• TASK REQUIREMENTS: Your answer must be the records below, given again exactly, with no pictures in it.

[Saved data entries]
=== Section Start ===
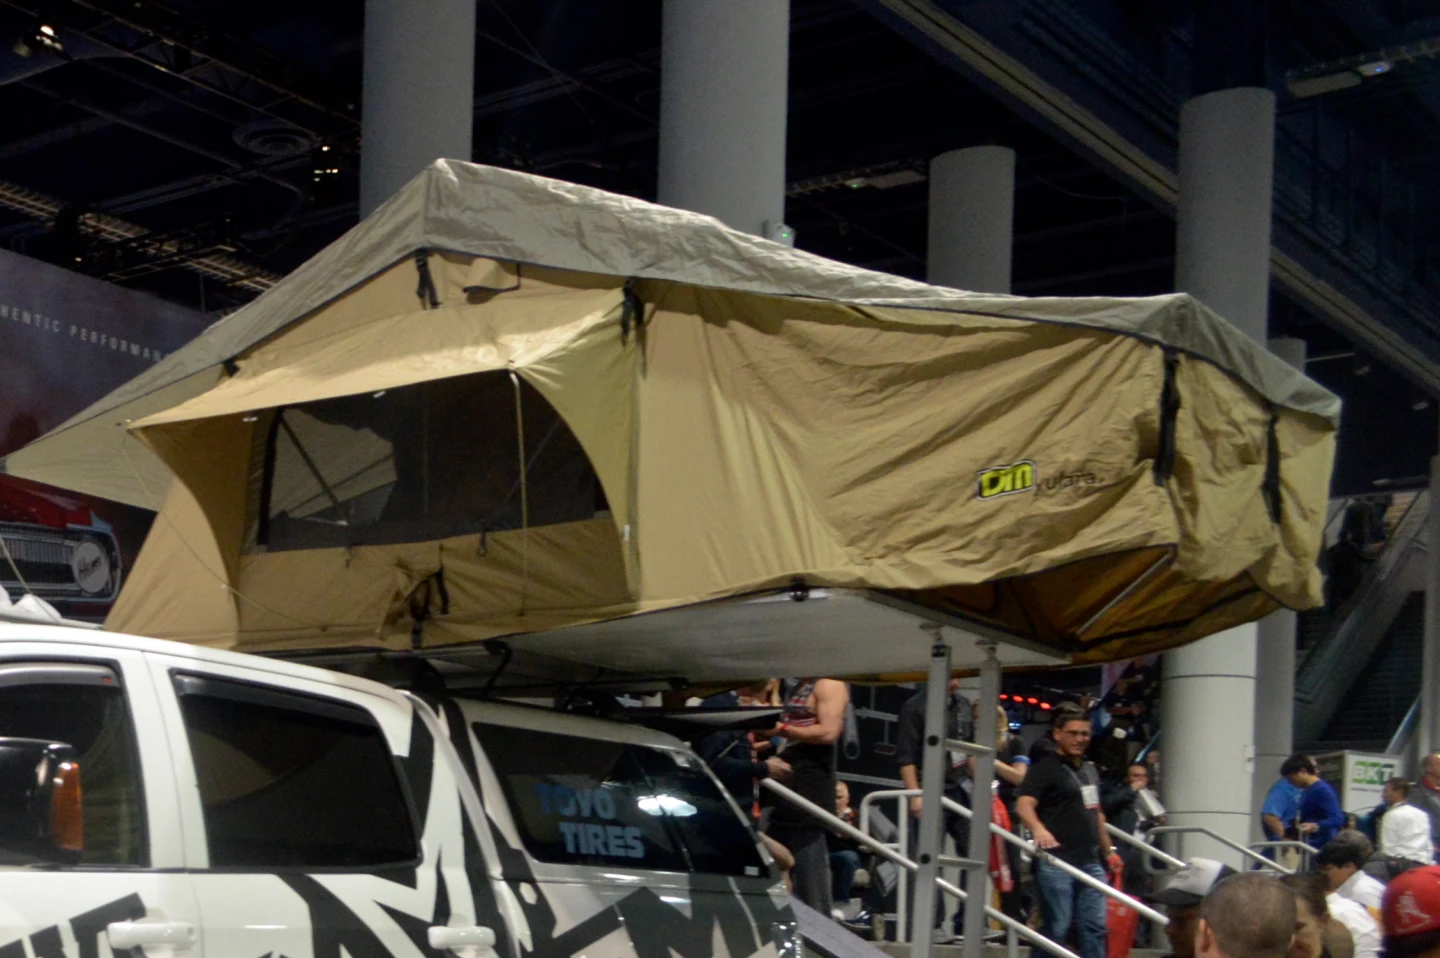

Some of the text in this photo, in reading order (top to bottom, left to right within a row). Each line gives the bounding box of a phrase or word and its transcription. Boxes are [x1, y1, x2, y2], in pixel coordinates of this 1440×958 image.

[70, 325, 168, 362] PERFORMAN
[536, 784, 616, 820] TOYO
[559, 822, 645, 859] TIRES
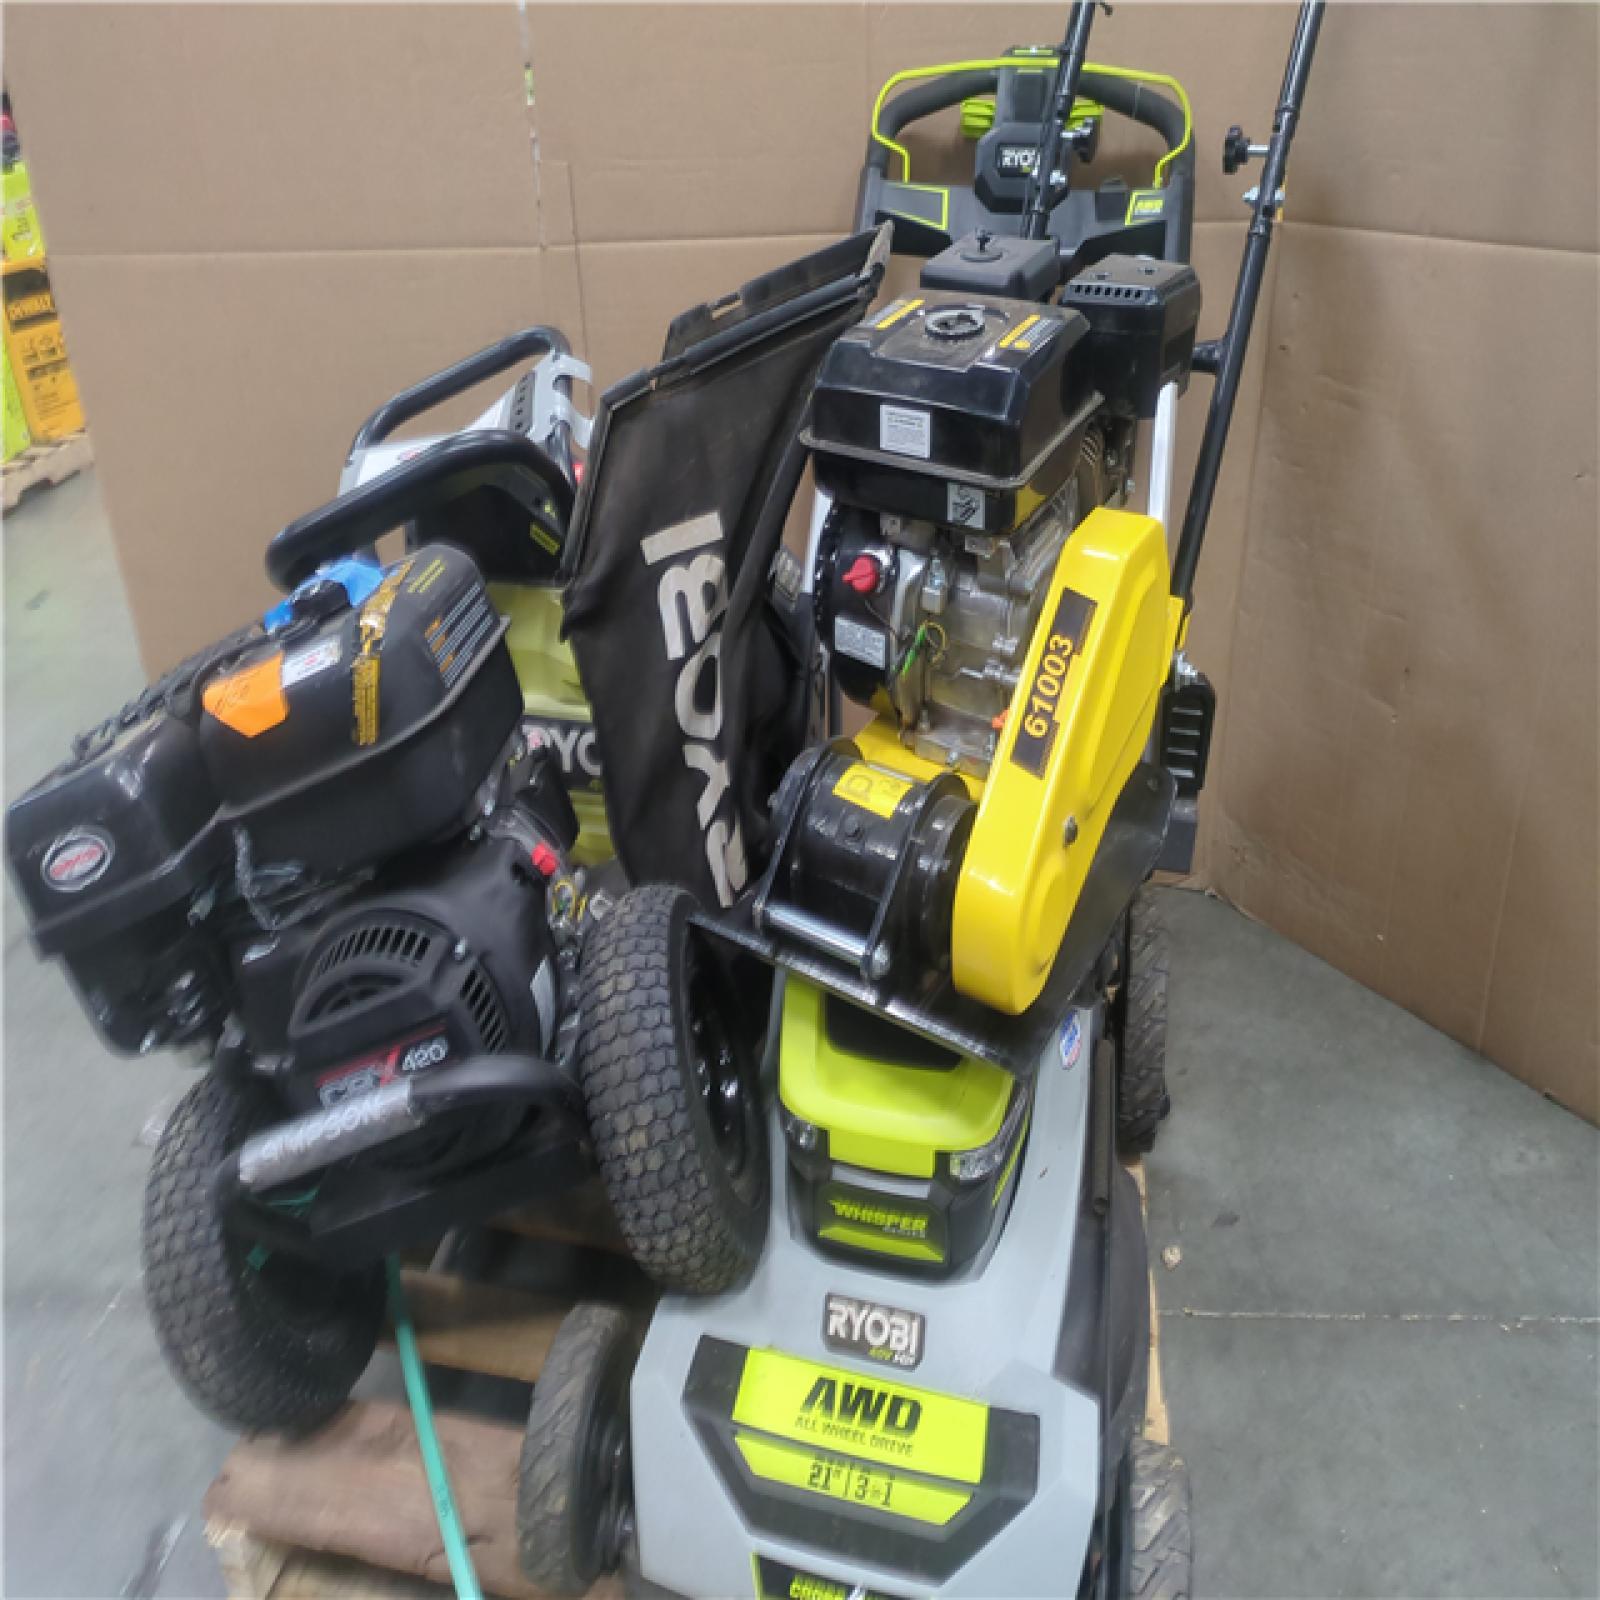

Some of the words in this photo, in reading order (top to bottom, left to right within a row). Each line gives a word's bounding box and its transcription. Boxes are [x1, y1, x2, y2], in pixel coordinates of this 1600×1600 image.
=== Section End ===
• REPLY:
Some of the text in this photo, in reading order (top to bottom, left to right within a row). Each line gives the bounding box of a phrase or word and its transcription. Boxes are [x1, y1, x2, y2], in pixel coordinates of this 1440×958 image.

[70, 325, 168, 362] PERFORMAN
[536, 784, 616, 820] TOYO
[559, 822, 645, 859] TIRES

Some of the words in this photo, in reading order (top to bottom, left to right within a row). Each line gives a word's bounding box and its transcription. Boxes are [x1, y1, x2, y2], in pixel coordinates of this 1600×1600 image.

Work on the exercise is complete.